-- RECORDS follows --

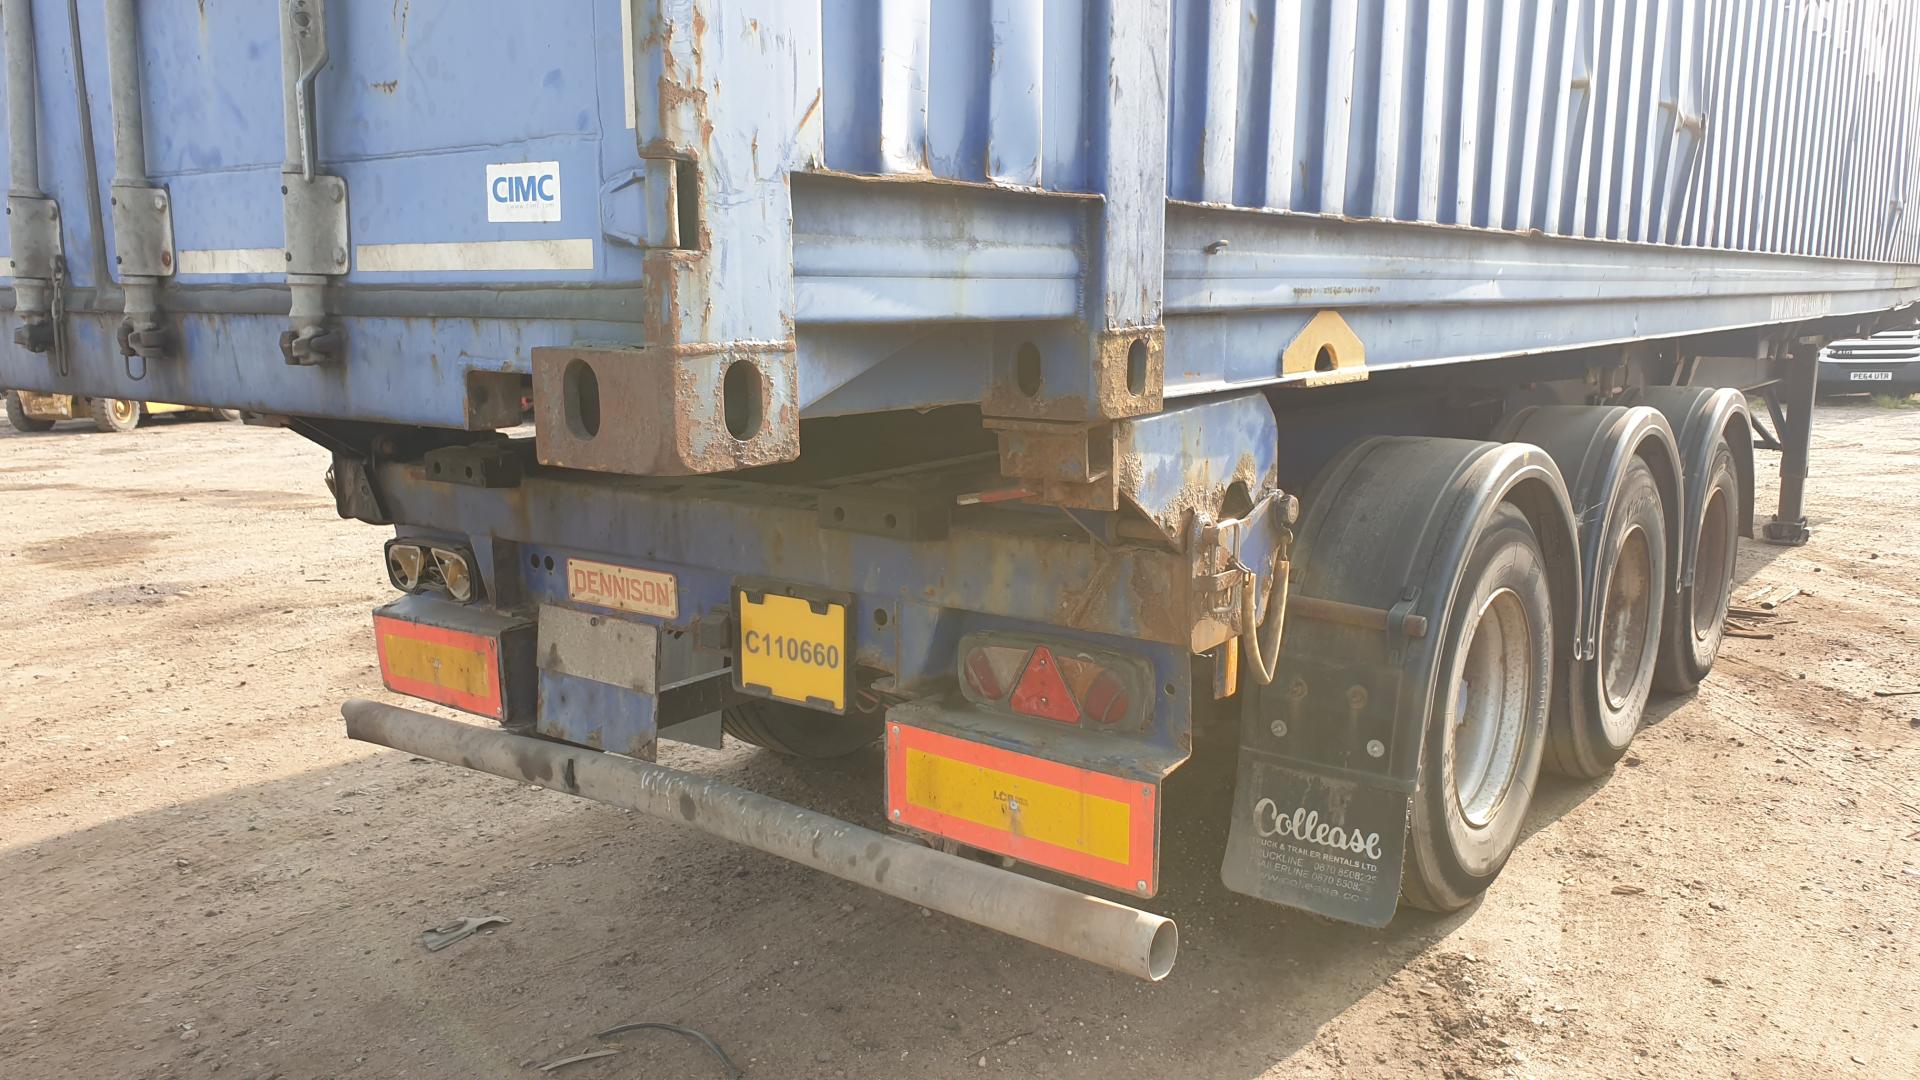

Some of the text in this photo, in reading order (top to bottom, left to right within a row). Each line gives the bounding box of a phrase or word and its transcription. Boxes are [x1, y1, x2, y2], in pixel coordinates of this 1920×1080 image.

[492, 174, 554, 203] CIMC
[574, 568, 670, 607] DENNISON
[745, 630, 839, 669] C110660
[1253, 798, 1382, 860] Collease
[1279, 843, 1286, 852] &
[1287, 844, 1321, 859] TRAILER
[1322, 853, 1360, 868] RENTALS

-- RECORDS concluded --

Each entry above is to be written out again unchanged, apart from the pictures, which are left out.

_RESULT OF THIS TASK_
Some of the text in this photo, in reading order (top to bottom, left to right within a row). Each line gives the bounding box of a phrase or word and its transcription. Boxes are [x1, y1, x2, y2], in pixel coordinates of this 1920×1080 image.

[492, 174, 554, 203] CIMC
[574, 568, 670, 607] DENNISON
[745, 630, 839, 669] C110660
[1253, 798, 1382, 860] Collease
[1279, 843, 1286, 852] &
[1287, 844, 1321, 859] TRAILER
[1322, 853, 1360, 868] RENTALS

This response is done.